Data extracted from a collection
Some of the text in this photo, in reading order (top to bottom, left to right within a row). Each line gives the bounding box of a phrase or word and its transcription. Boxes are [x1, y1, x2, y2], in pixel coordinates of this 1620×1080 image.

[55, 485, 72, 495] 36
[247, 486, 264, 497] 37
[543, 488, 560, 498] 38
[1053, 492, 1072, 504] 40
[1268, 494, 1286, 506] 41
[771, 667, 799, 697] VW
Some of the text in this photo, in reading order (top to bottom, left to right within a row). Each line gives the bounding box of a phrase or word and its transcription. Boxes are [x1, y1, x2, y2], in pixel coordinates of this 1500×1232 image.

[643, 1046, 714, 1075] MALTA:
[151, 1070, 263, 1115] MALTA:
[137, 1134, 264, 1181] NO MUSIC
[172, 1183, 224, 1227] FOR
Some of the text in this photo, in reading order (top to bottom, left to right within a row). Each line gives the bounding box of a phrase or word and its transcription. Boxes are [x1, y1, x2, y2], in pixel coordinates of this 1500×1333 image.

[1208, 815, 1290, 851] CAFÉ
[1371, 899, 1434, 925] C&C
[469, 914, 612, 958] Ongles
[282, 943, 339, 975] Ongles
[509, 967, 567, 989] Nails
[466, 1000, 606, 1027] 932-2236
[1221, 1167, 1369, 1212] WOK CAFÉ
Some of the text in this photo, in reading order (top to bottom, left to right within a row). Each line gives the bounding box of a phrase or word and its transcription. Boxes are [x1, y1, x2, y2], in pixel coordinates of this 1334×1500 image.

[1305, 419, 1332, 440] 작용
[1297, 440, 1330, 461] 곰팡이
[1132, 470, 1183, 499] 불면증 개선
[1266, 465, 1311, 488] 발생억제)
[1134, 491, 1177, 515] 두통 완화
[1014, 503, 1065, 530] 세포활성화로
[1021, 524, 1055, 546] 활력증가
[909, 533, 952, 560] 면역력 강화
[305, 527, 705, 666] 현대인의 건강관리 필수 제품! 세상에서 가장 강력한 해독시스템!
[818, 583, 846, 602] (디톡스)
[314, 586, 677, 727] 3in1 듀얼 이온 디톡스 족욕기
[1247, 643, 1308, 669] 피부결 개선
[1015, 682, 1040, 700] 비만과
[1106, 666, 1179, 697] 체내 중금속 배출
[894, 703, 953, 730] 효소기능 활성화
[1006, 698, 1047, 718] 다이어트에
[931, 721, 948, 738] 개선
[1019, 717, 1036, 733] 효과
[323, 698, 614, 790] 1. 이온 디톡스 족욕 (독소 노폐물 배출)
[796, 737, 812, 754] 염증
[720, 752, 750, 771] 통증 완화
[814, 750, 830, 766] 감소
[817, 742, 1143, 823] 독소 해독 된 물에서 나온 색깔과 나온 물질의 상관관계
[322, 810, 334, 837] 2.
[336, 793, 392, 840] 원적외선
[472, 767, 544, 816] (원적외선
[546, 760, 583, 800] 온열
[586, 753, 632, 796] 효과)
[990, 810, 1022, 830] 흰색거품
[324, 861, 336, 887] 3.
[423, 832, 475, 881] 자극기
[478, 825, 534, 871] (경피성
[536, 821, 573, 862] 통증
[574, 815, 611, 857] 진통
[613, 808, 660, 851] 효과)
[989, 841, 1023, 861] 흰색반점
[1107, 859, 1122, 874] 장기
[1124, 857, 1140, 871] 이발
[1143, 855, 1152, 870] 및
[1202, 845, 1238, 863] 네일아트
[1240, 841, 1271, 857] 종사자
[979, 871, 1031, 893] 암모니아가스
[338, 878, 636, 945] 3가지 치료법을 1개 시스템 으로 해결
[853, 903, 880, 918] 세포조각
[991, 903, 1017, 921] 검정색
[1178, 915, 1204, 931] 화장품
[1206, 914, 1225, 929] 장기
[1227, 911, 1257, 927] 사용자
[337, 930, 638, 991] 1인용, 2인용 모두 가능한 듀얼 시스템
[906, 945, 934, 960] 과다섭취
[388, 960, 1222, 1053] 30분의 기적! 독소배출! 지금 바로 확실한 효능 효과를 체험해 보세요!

**EXERCISE:**
Write the data out again in full and exactly.

**TASK SOLUTION:**
Some of the text in this photo, in reading order (top to bottom, left to right within a row). Each line gives the bounding box of a phrase or word and its transcription. Boxes are [x1, y1, x2, y2], in pixel coordinates of this 1620×1080 image.

[55, 485, 72, 495] 36
[247, 486, 264, 497] 37
[543, 488, 560, 498] 38
[1053, 492, 1072, 504] 40
[1268, 494, 1286, 506] 41
[771, 667, 799, 697] VW
Some of the text in this photo, in reading order (top to bottom, left to right within a row). Each line gives the bounding box of a phrase or word and its transcription. Boxes are [x1, y1, x2, y2], in pixel coordinates of this 1500×1232 image.

[643, 1046, 714, 1075] MALTA:
[151, 1070, 263, 1115] MALTA:
[137, 1134, 264, 1181] NO MUSIC
[172, 1183, 224, 1227] FOR
Some of the text in this photo, in reading order (top to bottom, left to right within a row). Each line gives the bounding box of a phrase or word and its transcription. Boxes are [x1, y1, x2, y2], in pixel coordinates of this 1500×1333 image.

[1208, 815, 1290, 851] CAFÉ
[1371, 899, 1434, 925] C&C
[469, 914, 612, 958] Ongles
[282, 943, 339, 975] Ongles
[509, 967, 567, 989] Nails
[466, 1000, 606, 1027] 932-2236
[1221, 1167, 1369, 1212] WOK CAFÉ
Some of the text in this photo, in reading order (top to bottom, left to right within a row). Each line gives the bounding box of a phrase or word and its transcription. Boxes are [x1, y1, x2, y2], in pixel coordinates of this 1334×1500 image.

[1305, 419, 1332, 440] 작용
[1297, 440, 1330, 461] 곰팡이
[1132, 470, 1183, 499] 불면증 개선
[1266, 465, 1311, 488] 발생억제)
[1134, 491, 1177, 515] 두통 완화
[1014, 503, 1065, 530] 세포활성화로
[1021, 524, 1055, 546] 활력증가
[909, 533, 952, 560] 면역력 강화
[305, 527, 705, 666] 현대인의 건강관리 필수 제품! 세상에서 가장 강력한 해독시스템!
[818, 583, 846, 602] (디톡스)
[314, 586, 677, 727] 3in1 듀얼 이온 디톡스 족욕기
[1247, 643, 1308, 669] 피부결 개선
[1015, 682, 1040, 700] 비만과
[1106, 666, 1179, 697] 체내 중금속 배출
[894, 703, 953, 730] 효소기능 활성화
[1006, 698, 1047, 718] 다이어트에
[931, 721, 948, 738] 개선
[1019, 717, 1036, 733] 효과
[323, 698, 614, 790] 1. 이온 디톡스 족욕 (독소 노폐물 배출)
[796, 737, 812, 754] 염증
[720, 752, 750, 771] 통증 완화
[814, 750, 830, 766] 감소
[817, 742, 1143, 823] 독소 해독 된 물에서 나온 색깔과 나온 물질의 상관관계
[322, 810, 334, 837] 2.
[336, 793, 392, 840] 원적외선
[472, 767, 544, 816] (원적외선
[546, 760, 583, 800] 온열
[586, 753, 632, 796] 효과)
[990, 810, 1022, 830] 흰색거품
[324, 861, 336, 887] 3.
[423, 832, 475, 881] 자극기
[478, 825, 534, 871] (경피성
[536, 821, 573, 862] 통증
[574, 815, 611, 857] 진통
[613, 808, 660, 851] 효과)
[989, 841, 1023, 861] 흰색반점
[1107, 859, 1122, 874] 장기
[1124, 857, 1140, 871] 이발
[1143, 855, 1152, 870] 및
[1202, 845, 1238, 863] 네일아트
[1240, 841, 1271, 857] 종사자
[979, 871, 1031, 893] 암모니아가스
[338, 878, 636, 945] 3가지 치료법을 1개 시스템 으로 해결
[853, 903, 880, 918] 세포조각
[991, 903, 1017, 921] 검정색
[1178, 915, 1204, 931] 화장품
[1206, 914, 1225, 929] 장기
[1227, 911, 1257, 927] 사용자
[337, 930, 638, 991] 1인용, 2인용 모두 가능한 듀얼 시스템
[906, 945, 934, 960] 과다섭취
[388, 960, 1222, 1053] 30분의 기적! 독소배출! 지금 바로 확실한 효능 효과를 체험해 보세요!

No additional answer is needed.